Zorzoli non manca di sottolineare anche uno specifico riferimento al mondo dell’e-commerce in una prospettiva anche internazionale: «Bastano due dati a descrivere la crescita degli acquisti online durante l’emergenza Covid-19. Ad aprile Amazon solo negli Stati Uniti ha assunto altri 175.000 dipendenti, ripartiti tra chi lavora nei grandi magazzini merci della società e chi è addetto alle consegne. Secondo Netcomm, il consorzio del commercio digitale italiano, il 77% di chi vende online avrebbe acquisito nuovi clienti durante le settimane di blocco legate all’emergenza. Di fronte a cambiamenti di queste dimensioni, non è credibile che gli acquisti online ritornino ai livelli antecedenti. Incerto sarà il “quanto”, non il “se».
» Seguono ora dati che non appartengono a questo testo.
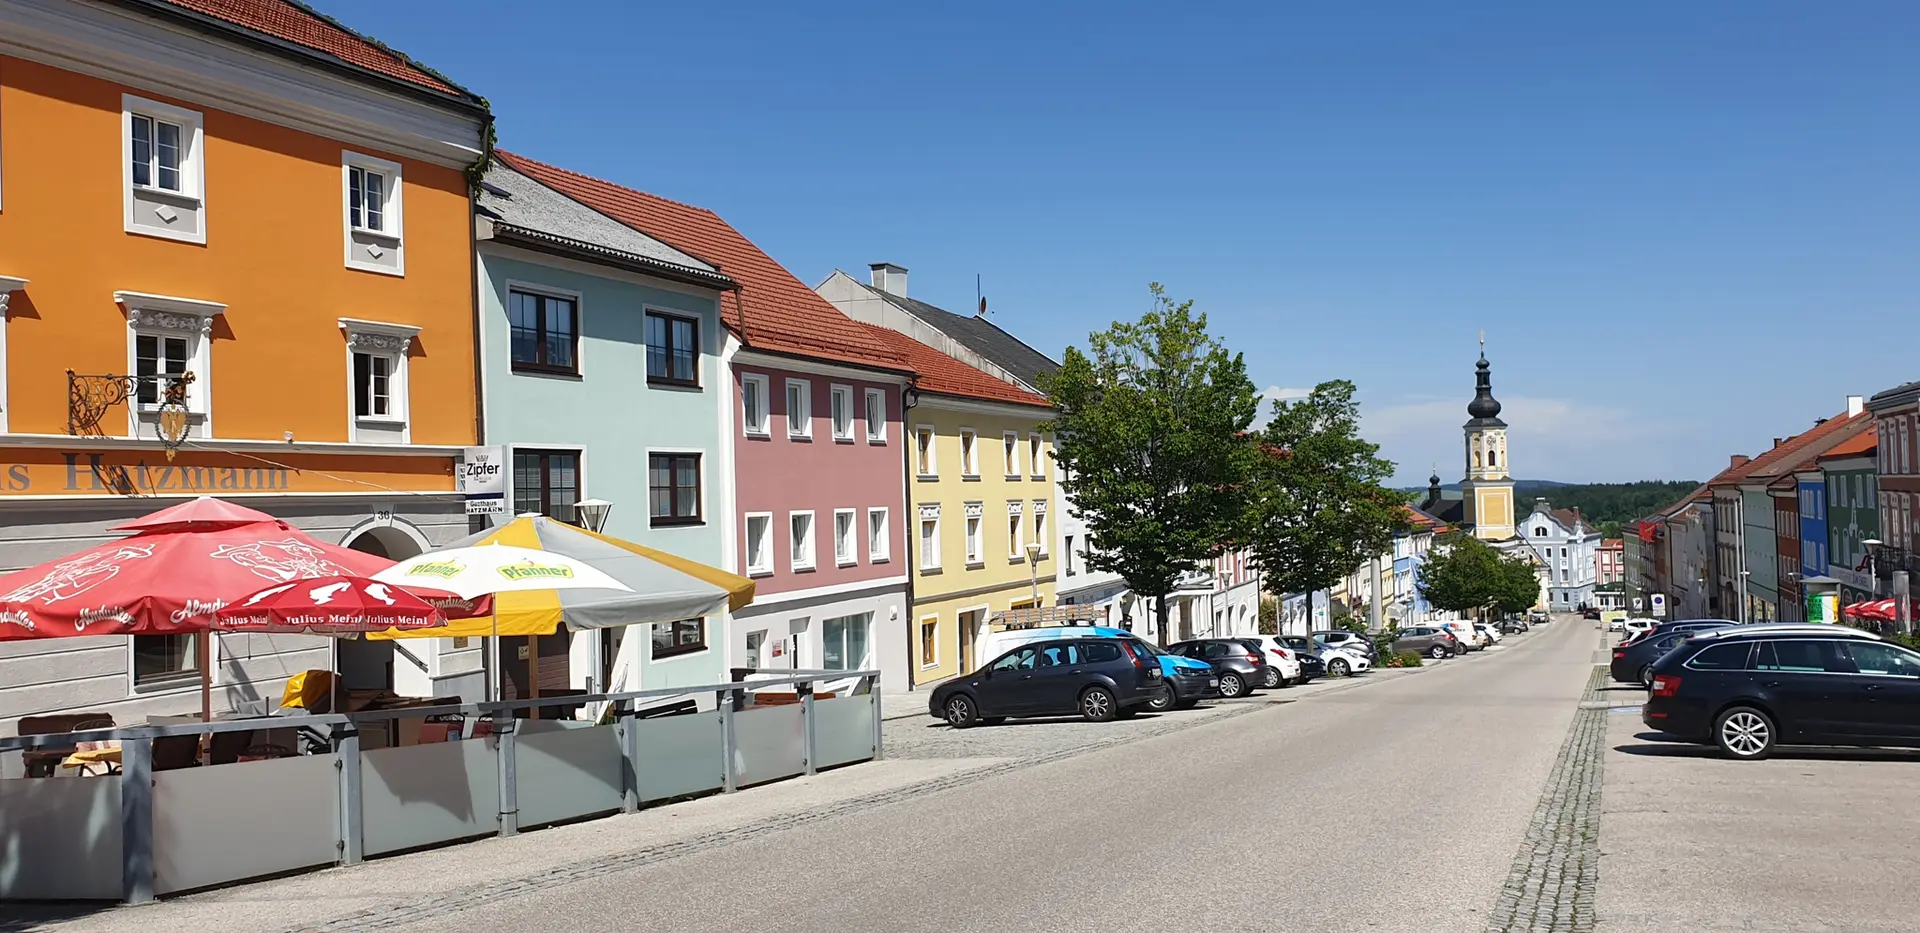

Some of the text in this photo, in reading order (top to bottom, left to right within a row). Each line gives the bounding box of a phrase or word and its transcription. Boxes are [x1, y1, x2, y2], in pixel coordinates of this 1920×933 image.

In sostanza «La maggiore diffusione dello smart working porterà a una riduzione del traffico automobilistico nelle ore di punta, mentre quella degli acquisti online aumenterà lungo tutta la giornata la circolazione dei furgoni; con il primo effetto quantitativamente più rilevante del secondo. Ne conseguirà anche una modifica nel mix dei prodotti petroliferi, destinata a sovrapporsi a quella indotta dai trend degli ultimi anni, in particolare dall’adozione del GNL nel trasporto pesante su strada e dal vincolo più stringente (mediamente 95 g CO2/km), posto alle emissioni dall’Unione Europea».

Nonostante si possa considerare che, sul breve, sia le attuali restrizioni e diminuzioni della mobilità sul mezzo pubblico (dimezzamento dei posti per distanziamento sociale), sia il perdurante timore del contagio, possano aver attivato, dal 4 maggio in poi con il graduale allentamento delle misure di blocco, la conversione dal mezzo pubblico a quello privato con una limitata riaccensione dei consumi, sia la crisi economica – di cui ci si renderà pienamente conto man mano che il tempo avanza – che il diffondersi di nuove modalità di comportamento, determineranno una riduzione dei consumi ben più consistente, che andrà ad aggiungersi a quanto definitivamente perduto nelle nebbie del lunghissimo lockdown.